The "diffusion qua precedent" in the case of Kosovo when it comes to opportunities is instructive. Regardless of how one feels about the legitimacy and legality of Kosovo's unilateral declaration of independence, there is little if any need to turn it into an almighty precedent. Russia may be right in insisting that short of a new UN Security Council resolution, only a consensual separation of Kosovo from Serbia would have been legal under current international law. But waving the big stick of Kosovo as a precedent is counterproductive, not least in relation to any of the conflicts in Russia's own neighborhood. By the same token, the refusal, so far, to recognize Kosovo by several European governments such as Spain, Greece, Cyprus, Slovakia and Romania establishes a precedent where there is none-and a wrong one at that.
Kosovo is unique and requires a unique response-rejecting its independence with reference to other cases undermines this position and strengthens the very separatist forces that are meant to be deterred. By delaying or denying international recognition to Kosovo out of concern for the implications that such a move might have on suspected separatist movements in their own countries, these states are sending exactly the wrong message. For one, they equate their own problems with those of Kosovo. Yet, neither of these countries has Serbia's track record of past persistent and grave human-rights violations. Nor do people living in areas like Spain's Basque Country give the same strong support to independence as do some 90 percent of current inhabitants of Kosovo. Moreover, Northern Cyprus, another often-cited area that could "abuse" Kosovo as a precedent, in fact seeks reunification with the south. In 2004, they approved of a UN-sponsored plan to that effect, which was rejected by the south. So neither of these two cases, nor the situations in Slovakia and Romania involving ethnic Hungarians, are comparable to the situation in Kosovo.
WHEN THE spread of conflict is not driven by ethnic groups, it is driven by states. This is apparent in Iraq, an equally complex case of diffusion and escalation. Turkey's recent invasion of the Kurdistan region of northern Iraq was motivated by its own security concerns in relation to the terrorist Kurdistan Workers' Party (PKK), which has waged an insurgency against successive Turkish governments for over two decades. The threat from the PKK and Kurdish demands vis-à-vis Turkey in general, however, is perceived to have increased as a result of developments in Iraq. This also increases Turkey's motivation to be involved. The 2005 constitution formally established Kurdistan as a region in Iraq with far-reaching powers of self-government, including its own military forces. On the one hand, this allegedly gives Kurds in Turkey more incentives to ask for an equally advantageous status. More importantly, perhaps, it also means that Kurdish popular sentiment in Iraq might provide a power base and safe haven for the PKK, from which the terrorist organization may reinvigorate its campaign in Turkey.

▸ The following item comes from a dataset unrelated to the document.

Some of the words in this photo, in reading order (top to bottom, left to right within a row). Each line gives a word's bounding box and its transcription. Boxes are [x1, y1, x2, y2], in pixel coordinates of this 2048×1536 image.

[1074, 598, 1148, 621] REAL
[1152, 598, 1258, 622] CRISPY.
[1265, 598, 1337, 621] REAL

Yet, the threat of diffusion and escalation does not end there. Other states could be equally motivated to play a part in the conflict. There are also sizable Kurdish communities in Iran and Syria. Further complicating matters, Iran and Saudi Arabia back different sides of another conflict driven by radicalized religious groups: the sectarian civil war between Sunni and Shia within Iraq. This could easily escalate further into a proxy war for regional hegemony. In addition, Iran, more than Saudi Arabia, also has an interest in making life as difficult as possible for the multinational coalition in Iraq, and has escalated the various interlinked conflicts in the Middle East, if only by using proxy forces like Hezbollah and Islamic Jihad.

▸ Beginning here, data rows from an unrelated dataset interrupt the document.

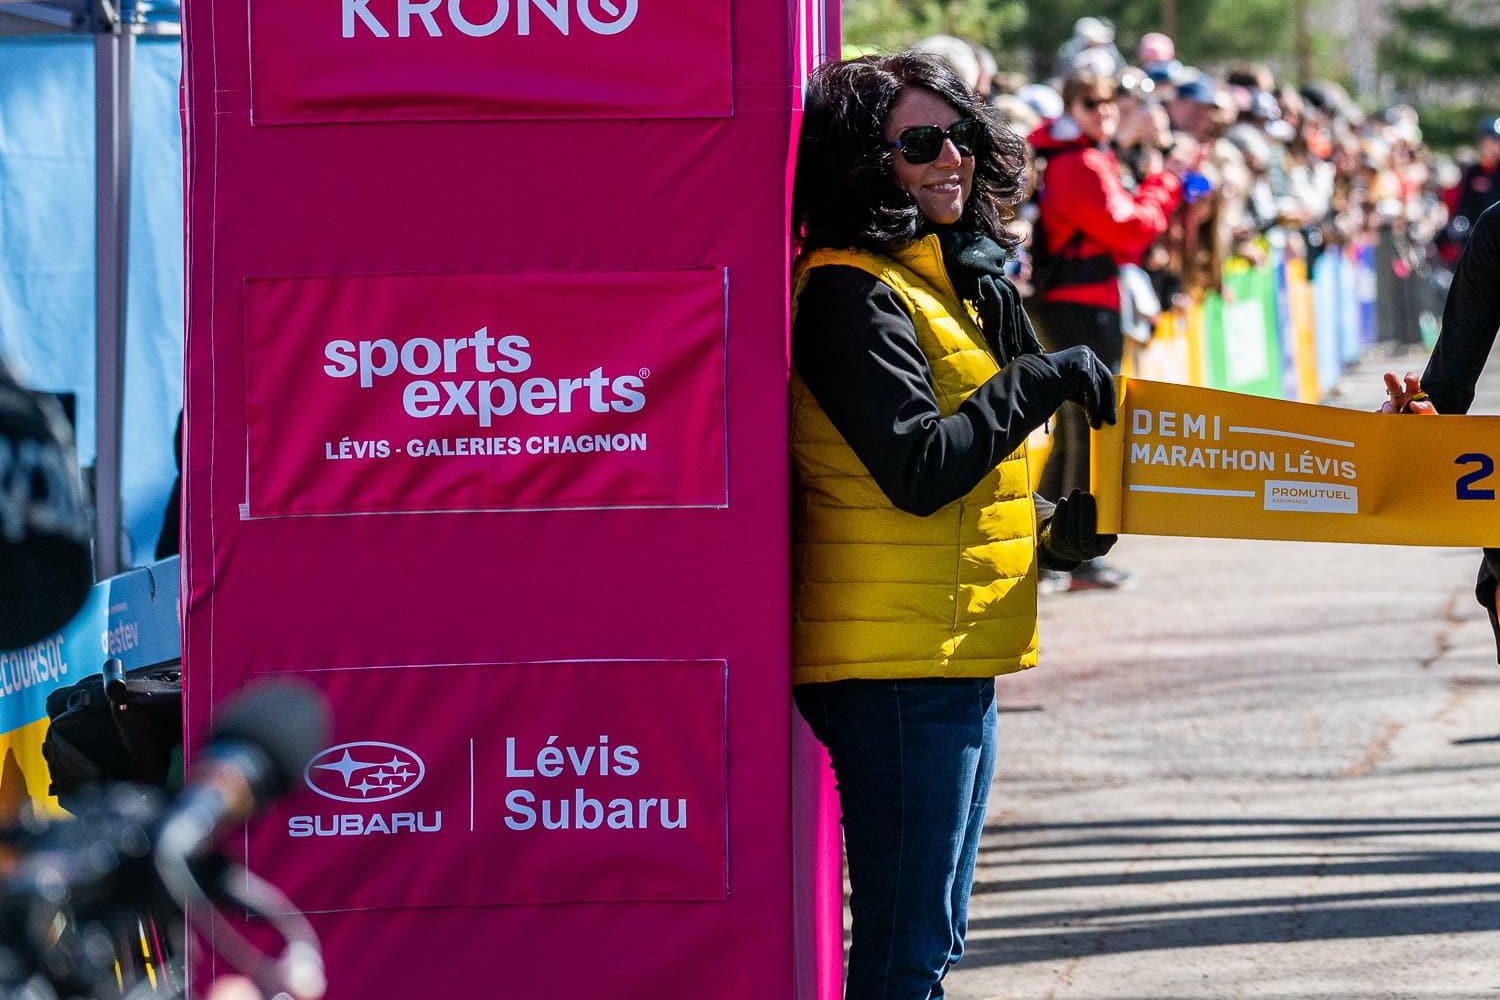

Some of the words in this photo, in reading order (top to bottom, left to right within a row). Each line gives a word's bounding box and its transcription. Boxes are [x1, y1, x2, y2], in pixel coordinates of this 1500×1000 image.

[323, 325, 533, 389] sports
[1132, 409, 1222, 442] DEMI
[325, 436, 391, 461] LÉVIS
[406, 436, 522, 458] GALERIES
[526, 432, 648, 455] CHAGNON
[1130, 442, 1276, 472] MARATHON
[1284, 450, 1358, 480] LÉVIS
[1271, 486, 1352, 501] PROMUTUEL
[505, 734, 641, 778] Lévis
[287, 810, 443, 838] SUBARU
[503, 788, 688, 832] Subaru

Policy responses should take these actors' concerns into account and focus on eliminating potential spoilers of any settlement. So irredeemable PKK terrorists must be sidelined and deprived of their political and power bases. But this can only succeed if it happens in combination with acknowledging and addressing the legitimate grievances of Kurds by the Turkish government (a policy that has already begun), and a Kurdish acceptance, on both sides of the border, that violence is an unsuitable means to pursue otherwise legitimate ends. Above all, the current borders in the region must be recognized explicitly. This involves respect for the territorial integrity of both Iraq and Turkey, as well as for the right of Kurds in Iraq to their autonomous region.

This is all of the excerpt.